── PROVIDED MATERIAL

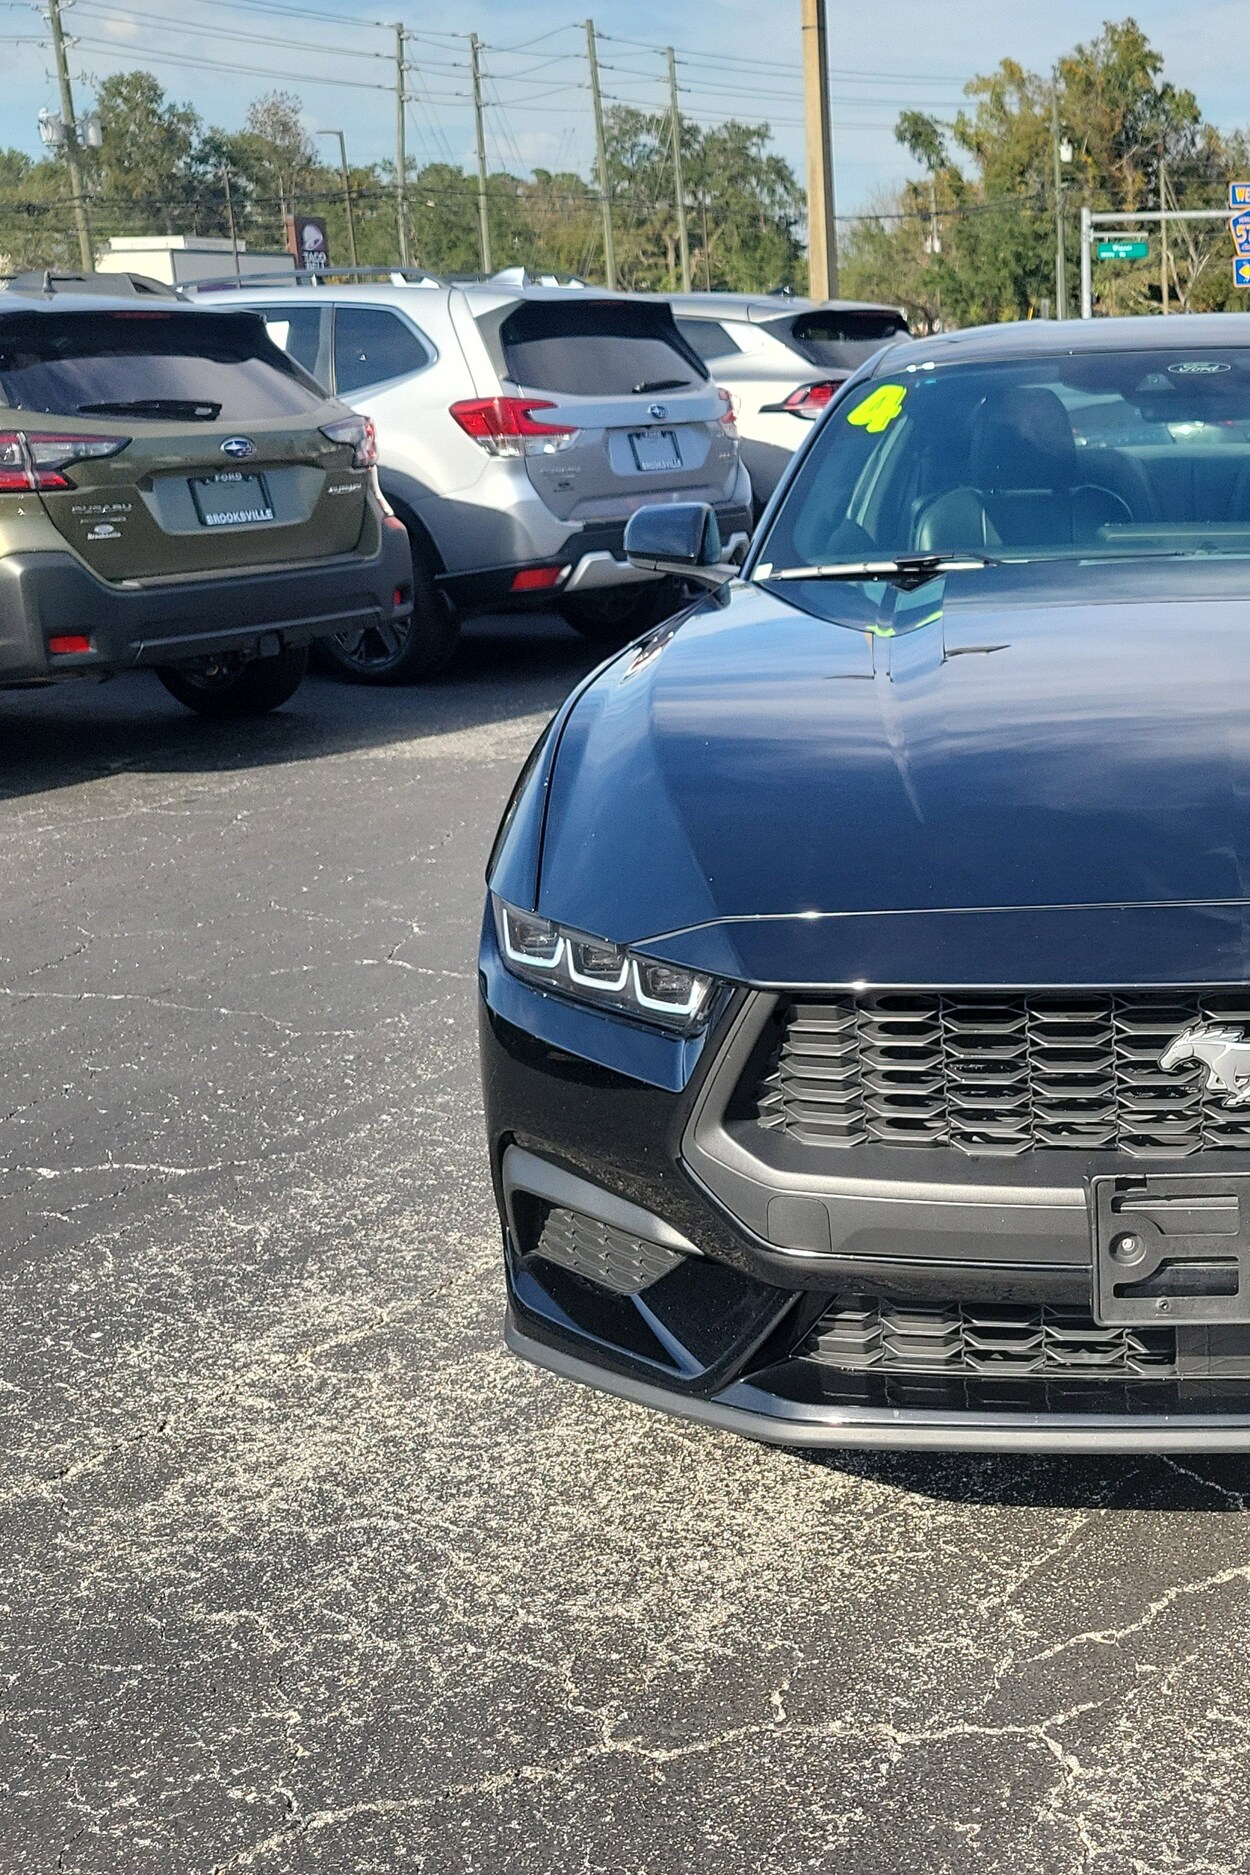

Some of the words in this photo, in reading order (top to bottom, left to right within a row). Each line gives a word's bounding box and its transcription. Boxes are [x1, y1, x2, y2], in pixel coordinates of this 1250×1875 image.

[1178, 363, 1220, 373] Ford
[846, 384, 907, 433] 4
[206, 507, 274, 526] BROOKSVILLE
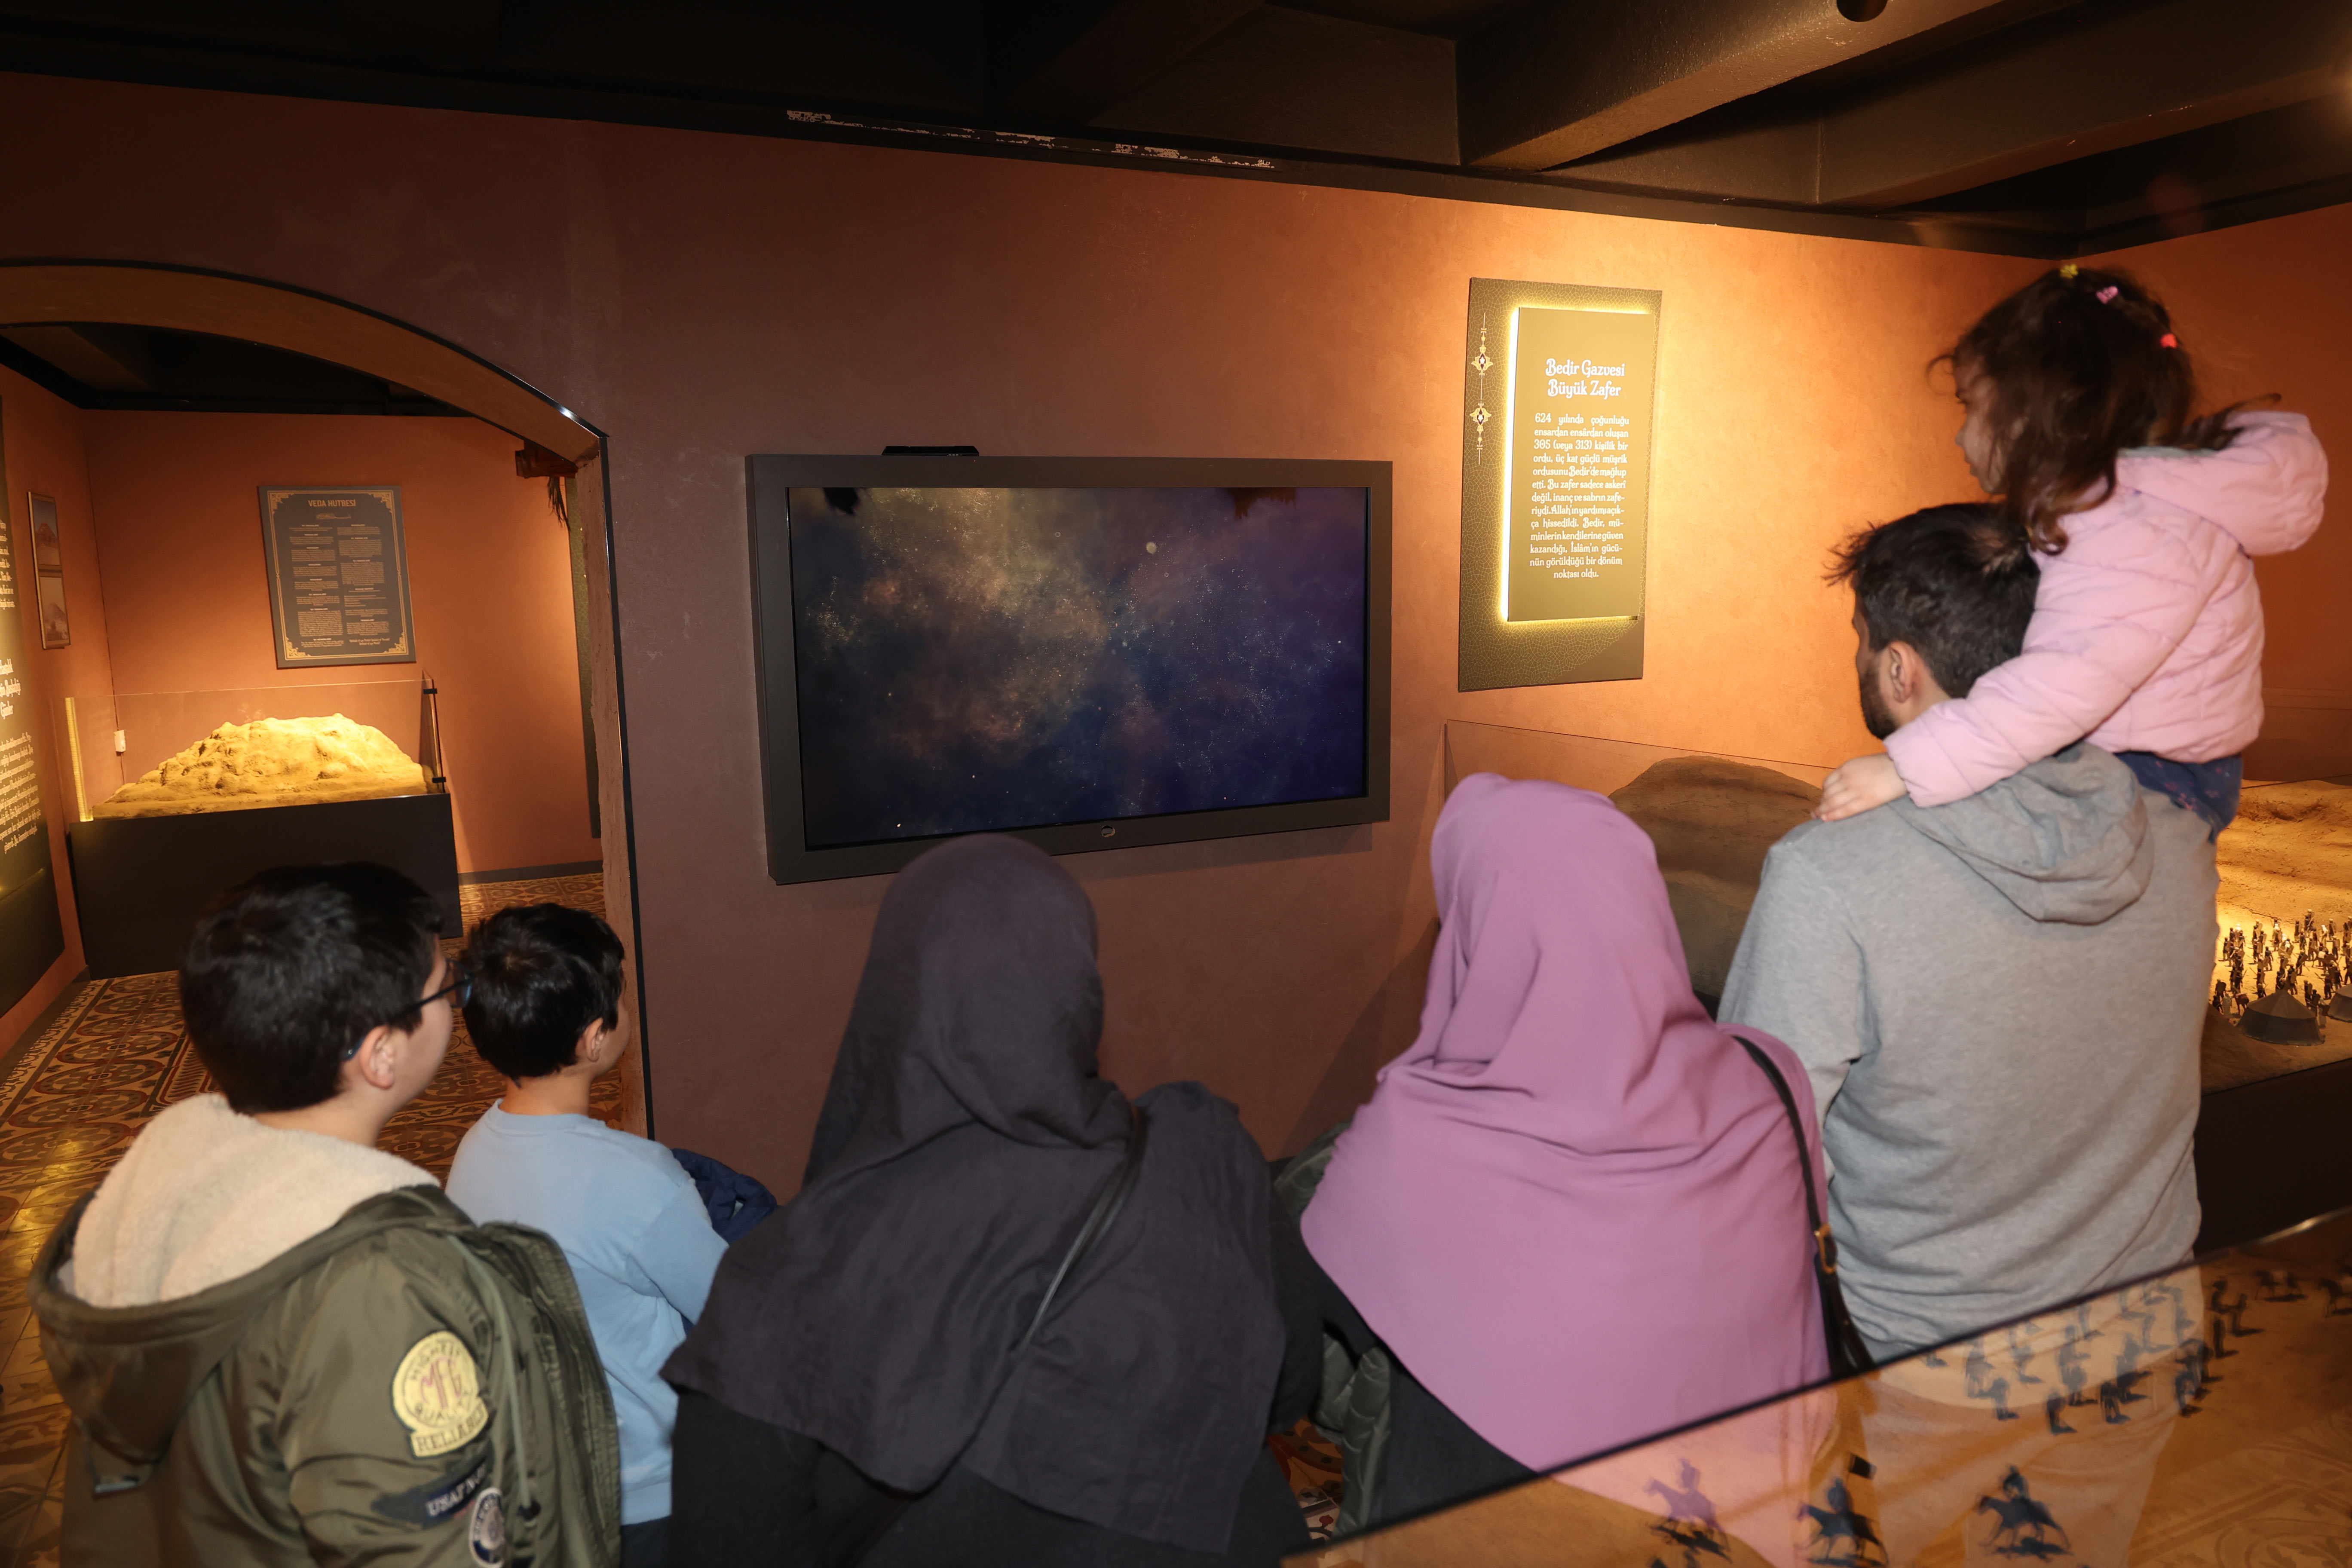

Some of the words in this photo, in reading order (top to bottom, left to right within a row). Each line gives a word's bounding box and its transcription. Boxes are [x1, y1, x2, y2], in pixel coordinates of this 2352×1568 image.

[1546, 358, 1579, 376] Bedir
[1581, 360, 1625, 377] Gazvesi
[1548, 379, 1587, 398] Büyük
[1590, 380, 1621, 400] Zafer
[1535, 413, 1551, 423] 624
[1559, 413, 1584, 425] yılında
[1591, 415, 1629, 427] çoğunluğu
[1534, 426, 1568, 437] ensardan
[1570, 427, 1603, 438] ensârdan
[1605, 428, 1629, 439] oluşan
[1534, 439, 1551, 449] 305
[1553, 440, 1573, 452] (veya
[1575, 440, 1592, 450] 313)
[1594, 440, 1615, 452] kişilik
[1617, 441, 1629, 450] bir
[1533, 453, 1553, 463] ordu,
[1556, 454, 1565, 464] üç
[1566, 453, 1578, 463] kat
[1580, 453, 1600, 465] güçlü
[1602, 454, 1627, 465] müşrik
[1533, 466, 1568, 475] ordusunu
[1600, 466, 1626, 478] mağlup
[1532, 480, 1546, 489] etti.
[1547, 478, 1559, 490] Bu
[1560, 479, 1579, 491] zafer
[1580, 479, 1603, 489] sadece
[1531, 492, 1552, 504] değil,
[1553, 493, 1573, 503] inanç
[1583, 491, 1605, 501] sabrın
[1607, 492, 1625, 503] zafe-
[1531, 521, 1539, 530] ça
[1543, 518, 1579, 528] hissedildi.
[1583, 517, 1605, 528] Bedir,
[1608, 519, 1624, 527] mü-
[1531, 531, 1562, 541] minlerin
[1562, 530, 1602, 540] kendilerine
[1602, 531, 1623, 542] güven
[1530, 544, 1567, 555] kazandığı,
[1602, 544, 1623, 554] gücü-
[1546, 556, 1584, 568] görüldüğü
[1586, 556, 1597, 565] bir
[1598, 555, 1623, 565] dönüm
[1553, 569, 1579, 579] noktası
[1581, 568, 1599, 578] oldu.
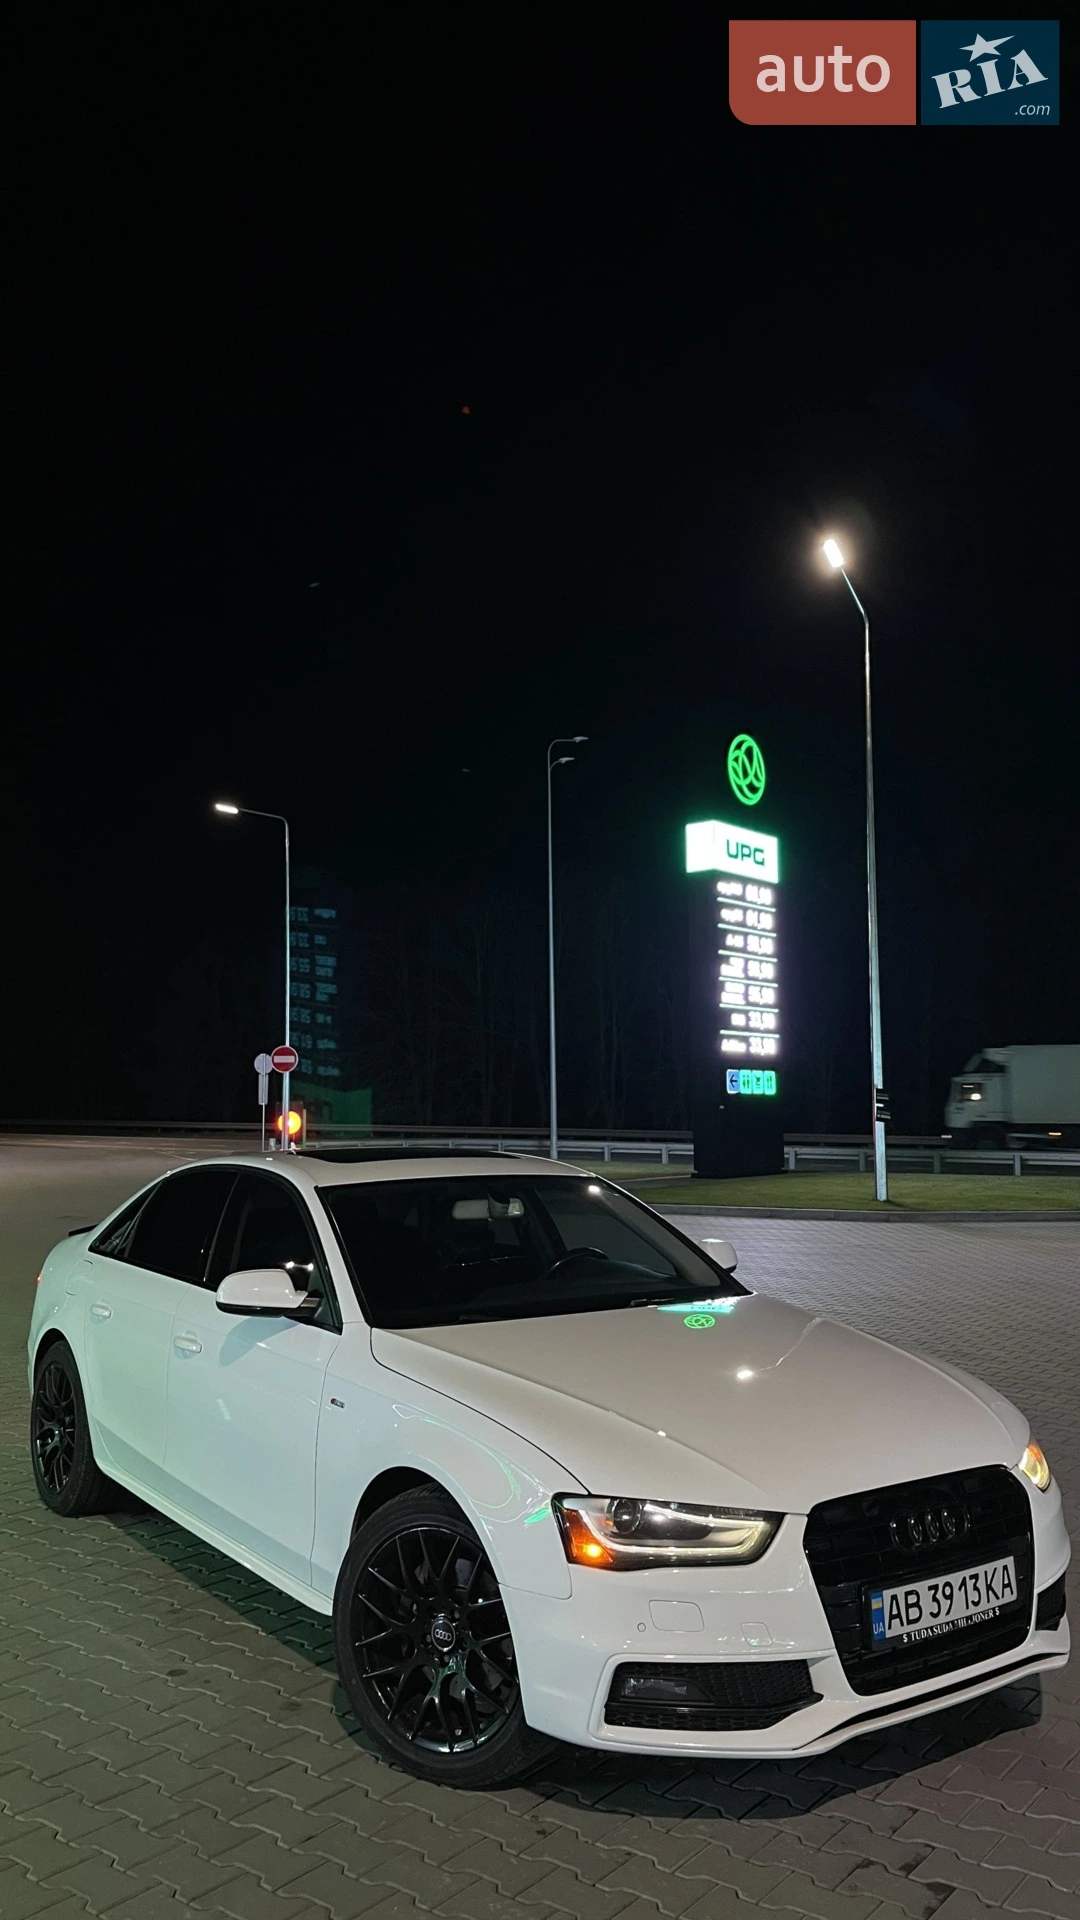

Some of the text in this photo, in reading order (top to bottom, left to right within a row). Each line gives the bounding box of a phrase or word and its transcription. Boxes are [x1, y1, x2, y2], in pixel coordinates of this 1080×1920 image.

────

# TASK REQUIREMENTS:
Exclude the pictures and transcribe all of the entries exactly.

# FINISHED EXERCISE:
Some of the words in this photo, in reading order (top to bottom, left to right within a row). Each line gives a word's bounding box and its transcription. Boxes are [x1, y1, x2, y2], in pixel coordinates of this 1250×1875 image.

[1178, 363, 1220, 373] Ford
[846, 384, 907, 433] 4
[206, 507, 274, 526] BROOKSVILLE

Some of the words in this photo, in reading order (top to bottom, left to right within a row). Each line gives a word's bounding box and its transcription. Boxes are [x1, y1, x2, y2], in pixel coordinates of this 2352×1568 image.

[1546, 358, 1579, 376] Bedir
[1581, 360, 1625, 377] Gazvesi
[1548, 379, 1587, 398] Büyük
[1590, 380, 1621, 400] Zafer
[1535, 413, 1551, 423] 624
[1559, 413, 1584, 425] yılında
[1591, 415, 1629, 427] çoğunluğu
[1534, 426, 1568, 437] ensardan
[1570, 427, 1603, 438] ensârdan
[1605, 428, 1629, 439] oluşan
[1534, 439, 1551, 449] 305
[1553, 440, 1573, 452] (veya
[1575, 440, 1592, 450] 313)
[1594, 440, 1615, 452] kişilik
[1617, 441, 1629, 450] bir
[1533, 453, 1553, 463] ordu,
[1556, 454, 1565, 464] üç
[1566, 453, 1578, 463] kat
[1580, 453, 1600, 465] güçlü
[1602, 454, 1627, 465] müşrik
[1533, 466, 1568, 475] ordusunu
[1600, 466, 1626, 478] mağlup
[1532, 480, 1546, 489] etti.
[1547, 478, 1559, 490] Bu
[1560, 479, 1579, 491] zafer
[1580, 479, 1603, 489] sadece
[1531, 492, 1552, 504] değil,
[1553, 493, 1573, 503] inanç
[1583, 491, 1605, 501] sabrın
[1607, 492, 1625, 503] zafe-
[1531, 521, 1539, 530] ça
[1543, 518, 1579, 528] hissedildi.
[1583, 517, 1605, 528] Bedir,
[1608, 519, 1624, 527] mü-
[1531, 531, 1562, 541] minlerin
[1562, 530, 1602, 540] kendilerine
[1602, 531, 1623, 542] güven
[1530, 544, 1567, 555] kazandığı,
[1602, 544, 1623, 554] gücü-
[1546, 556, 1584, 568] görüldüğü
[1586, 556, 1597, 565] bir
[1598, 555, 1623, 565] dönüm
[1553, 569, 1579, 579] noktası
[1581, 568, 1599, 578] oldu.

Some of the text in this photo, in reading order (top to bottom, left to right within a row). Each line gives the bounding box of a phrase or word and its transcription. Boxes are [x1, y1, x2, y2], in pixel coordinates of this 1080×1920 image.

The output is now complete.